[Dataset entries]
━━━━
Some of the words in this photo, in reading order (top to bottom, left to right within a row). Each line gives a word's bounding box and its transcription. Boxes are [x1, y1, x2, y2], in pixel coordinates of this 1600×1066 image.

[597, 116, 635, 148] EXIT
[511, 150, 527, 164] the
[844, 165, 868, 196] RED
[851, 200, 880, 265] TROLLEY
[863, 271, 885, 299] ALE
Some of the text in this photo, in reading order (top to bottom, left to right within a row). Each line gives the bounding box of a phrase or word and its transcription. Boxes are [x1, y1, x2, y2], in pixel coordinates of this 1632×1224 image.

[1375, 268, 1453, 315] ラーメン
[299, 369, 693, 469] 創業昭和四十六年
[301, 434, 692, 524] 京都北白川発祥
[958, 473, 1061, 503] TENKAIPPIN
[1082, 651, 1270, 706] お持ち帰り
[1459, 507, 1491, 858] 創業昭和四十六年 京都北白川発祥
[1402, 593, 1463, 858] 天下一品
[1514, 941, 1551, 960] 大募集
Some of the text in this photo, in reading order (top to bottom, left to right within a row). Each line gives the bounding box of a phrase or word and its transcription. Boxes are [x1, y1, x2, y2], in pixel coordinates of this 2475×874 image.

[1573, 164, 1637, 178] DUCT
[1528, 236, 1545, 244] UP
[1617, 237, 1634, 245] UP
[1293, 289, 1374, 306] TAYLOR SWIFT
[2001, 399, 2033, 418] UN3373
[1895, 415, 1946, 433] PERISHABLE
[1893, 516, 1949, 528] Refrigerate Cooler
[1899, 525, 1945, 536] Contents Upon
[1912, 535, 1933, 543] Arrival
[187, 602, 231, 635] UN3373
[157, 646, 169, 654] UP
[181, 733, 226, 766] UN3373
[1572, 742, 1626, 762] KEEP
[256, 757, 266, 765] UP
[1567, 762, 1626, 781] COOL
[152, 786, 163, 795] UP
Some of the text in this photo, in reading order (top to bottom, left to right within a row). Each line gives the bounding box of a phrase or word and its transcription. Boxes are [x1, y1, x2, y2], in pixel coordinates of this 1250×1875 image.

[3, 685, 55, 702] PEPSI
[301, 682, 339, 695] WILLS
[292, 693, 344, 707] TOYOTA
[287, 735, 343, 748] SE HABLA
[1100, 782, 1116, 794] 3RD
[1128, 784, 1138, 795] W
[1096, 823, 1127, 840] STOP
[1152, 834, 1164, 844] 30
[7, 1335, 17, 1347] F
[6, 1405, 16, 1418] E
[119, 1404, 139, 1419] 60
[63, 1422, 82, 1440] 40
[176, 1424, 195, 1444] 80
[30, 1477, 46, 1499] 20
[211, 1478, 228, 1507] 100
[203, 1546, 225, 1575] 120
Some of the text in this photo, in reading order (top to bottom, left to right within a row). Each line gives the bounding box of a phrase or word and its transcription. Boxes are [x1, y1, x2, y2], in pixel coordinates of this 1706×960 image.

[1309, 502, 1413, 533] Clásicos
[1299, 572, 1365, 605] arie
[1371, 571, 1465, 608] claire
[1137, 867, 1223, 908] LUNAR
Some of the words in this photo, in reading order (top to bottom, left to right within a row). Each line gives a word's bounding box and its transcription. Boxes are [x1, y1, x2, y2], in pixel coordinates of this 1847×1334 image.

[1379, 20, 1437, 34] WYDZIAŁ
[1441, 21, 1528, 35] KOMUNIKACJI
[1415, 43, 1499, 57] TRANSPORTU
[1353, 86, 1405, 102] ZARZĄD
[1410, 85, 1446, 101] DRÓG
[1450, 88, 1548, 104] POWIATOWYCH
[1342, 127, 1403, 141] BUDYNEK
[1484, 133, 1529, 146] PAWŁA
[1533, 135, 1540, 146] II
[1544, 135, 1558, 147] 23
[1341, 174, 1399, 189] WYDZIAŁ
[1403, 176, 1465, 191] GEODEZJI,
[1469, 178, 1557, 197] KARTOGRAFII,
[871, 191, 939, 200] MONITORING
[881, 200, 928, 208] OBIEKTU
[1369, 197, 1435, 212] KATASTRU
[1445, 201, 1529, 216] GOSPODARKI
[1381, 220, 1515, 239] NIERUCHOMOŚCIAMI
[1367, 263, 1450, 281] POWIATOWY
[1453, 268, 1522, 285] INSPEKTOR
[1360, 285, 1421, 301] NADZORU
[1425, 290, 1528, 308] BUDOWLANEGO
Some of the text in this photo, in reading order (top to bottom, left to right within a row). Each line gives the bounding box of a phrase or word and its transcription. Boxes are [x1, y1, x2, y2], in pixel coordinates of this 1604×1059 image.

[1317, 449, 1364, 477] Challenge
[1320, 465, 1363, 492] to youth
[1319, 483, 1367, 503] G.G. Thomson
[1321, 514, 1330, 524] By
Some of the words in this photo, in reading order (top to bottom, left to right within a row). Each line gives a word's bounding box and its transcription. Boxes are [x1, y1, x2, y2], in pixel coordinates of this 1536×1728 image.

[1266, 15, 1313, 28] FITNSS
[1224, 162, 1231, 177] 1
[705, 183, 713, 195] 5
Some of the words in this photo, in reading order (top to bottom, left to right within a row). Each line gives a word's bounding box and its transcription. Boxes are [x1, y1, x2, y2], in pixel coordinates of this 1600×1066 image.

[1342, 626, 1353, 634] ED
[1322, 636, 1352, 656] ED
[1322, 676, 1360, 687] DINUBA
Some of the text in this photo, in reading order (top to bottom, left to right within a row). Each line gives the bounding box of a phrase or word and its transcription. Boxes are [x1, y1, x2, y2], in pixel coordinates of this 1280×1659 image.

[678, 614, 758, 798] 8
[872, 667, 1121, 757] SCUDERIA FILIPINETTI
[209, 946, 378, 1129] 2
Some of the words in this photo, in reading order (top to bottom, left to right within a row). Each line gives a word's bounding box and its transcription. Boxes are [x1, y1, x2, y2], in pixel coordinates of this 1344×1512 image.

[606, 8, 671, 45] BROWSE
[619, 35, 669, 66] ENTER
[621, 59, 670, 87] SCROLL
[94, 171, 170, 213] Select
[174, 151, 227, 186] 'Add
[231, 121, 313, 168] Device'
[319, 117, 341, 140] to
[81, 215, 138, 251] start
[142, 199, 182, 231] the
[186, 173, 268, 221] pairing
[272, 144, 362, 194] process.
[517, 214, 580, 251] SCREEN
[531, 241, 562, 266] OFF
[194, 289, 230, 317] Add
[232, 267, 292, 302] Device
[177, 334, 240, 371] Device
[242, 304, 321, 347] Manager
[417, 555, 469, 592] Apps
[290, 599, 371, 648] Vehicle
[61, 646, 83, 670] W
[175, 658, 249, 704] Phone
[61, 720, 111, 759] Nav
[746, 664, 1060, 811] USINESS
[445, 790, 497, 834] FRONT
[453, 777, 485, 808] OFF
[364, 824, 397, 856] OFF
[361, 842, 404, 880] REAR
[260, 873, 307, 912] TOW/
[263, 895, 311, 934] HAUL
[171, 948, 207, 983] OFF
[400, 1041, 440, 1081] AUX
━━━━
#### TASK TO CARRY OUT
Your answer should consist only of the lines from the one with "this 1536×1728 image." through the last line of the entries above, retyped exactly.

#### REPLY
Some of the words in this photo, in reading order (top to bottom, left to right within a row). Each line gives a word's bounding box and its transcription. Boxes are [x1, y1, x2, y2], in pixel coordinates of this 1536×1728 image.

[1266, 15, 1313, 28] FITNSS
[1224, 162, 1231, 177] 1
[705, 183, 713, 195] 5
Some of the words in this photo, in reading order (top to bottom, left to right within a row). Each line gives a word's bounding box and its transcription. Boxes are [x1, y1, x2, y2], in pixel coordinates of this 1600×1066 image.

[1342, 626, 1353, 634] ED
[1322, 636, 1352, 656] ED
[1322, 676, 1360, 687] DINUBA
Some of the text in this photo, in reading order (top to bottom, left to right within a row). Each line gives the bounding box of a phrase or word and its transcription. Boxes are [x1, y1, x2, y2], in pixel coordinates of this 1280×1659 image.

[678, 614, 758, 798] 8
[872, 667, 1121, 757] SCUDERIA FILIPINETTI
[209, 946, 378, 1129] 2
Some of the words in this photo, in reading order (top to bottom, left to right within a row). Each line gives a word's bounding box and its transcription. Boxes are [x1, y1, x2, y2], in pixel coordinates of this 1344×1512 image.

[606, 8, 671, 45] BROWSE
[619, 35, 669, 66] ENTER
[621, 59, 670, 87] SCROLL
[94, 171, 170, 213] Select
[174, 151, 227, 186] 'Add
[231, 121, 313, 168] Device'
[319, 117, 341, 140] to
[81, 215, 138, 251] start
[142, 199, 182, 231] the
[186, 173, 268, 221] pairing
[272, 144, 362, 194] process.
[517, 214, 580, 251] SCREEN
[531, 241, 562, 266] OFF
[194, 289, 230, 317] Add
[232, 267, 292, 302] Device
[177, 334, 240, 371] Device
[242, 304, 321, 347] Manager
[417, 555, 469, 592] Apps
[290, 599, 371, 648] Vehicle
[61, 646, 83, 670] W
[175, 658, 249, 704] Phone
[61, 720, 111, 759] Nav
[746, 664, 1060, 811] USINESS
[445, 790, 497, 834] FRONT
[453, 777, 485, 808] OFF
[364, 824, 397, 856] OFF
[361, 842, 404, 880] REAR
[260, 873, 307, 912] TOW/
[263, 895, 311, 934] HAUL
[171, 948, 207, 983] OFF
[400, 1041, 440, 1081] AUX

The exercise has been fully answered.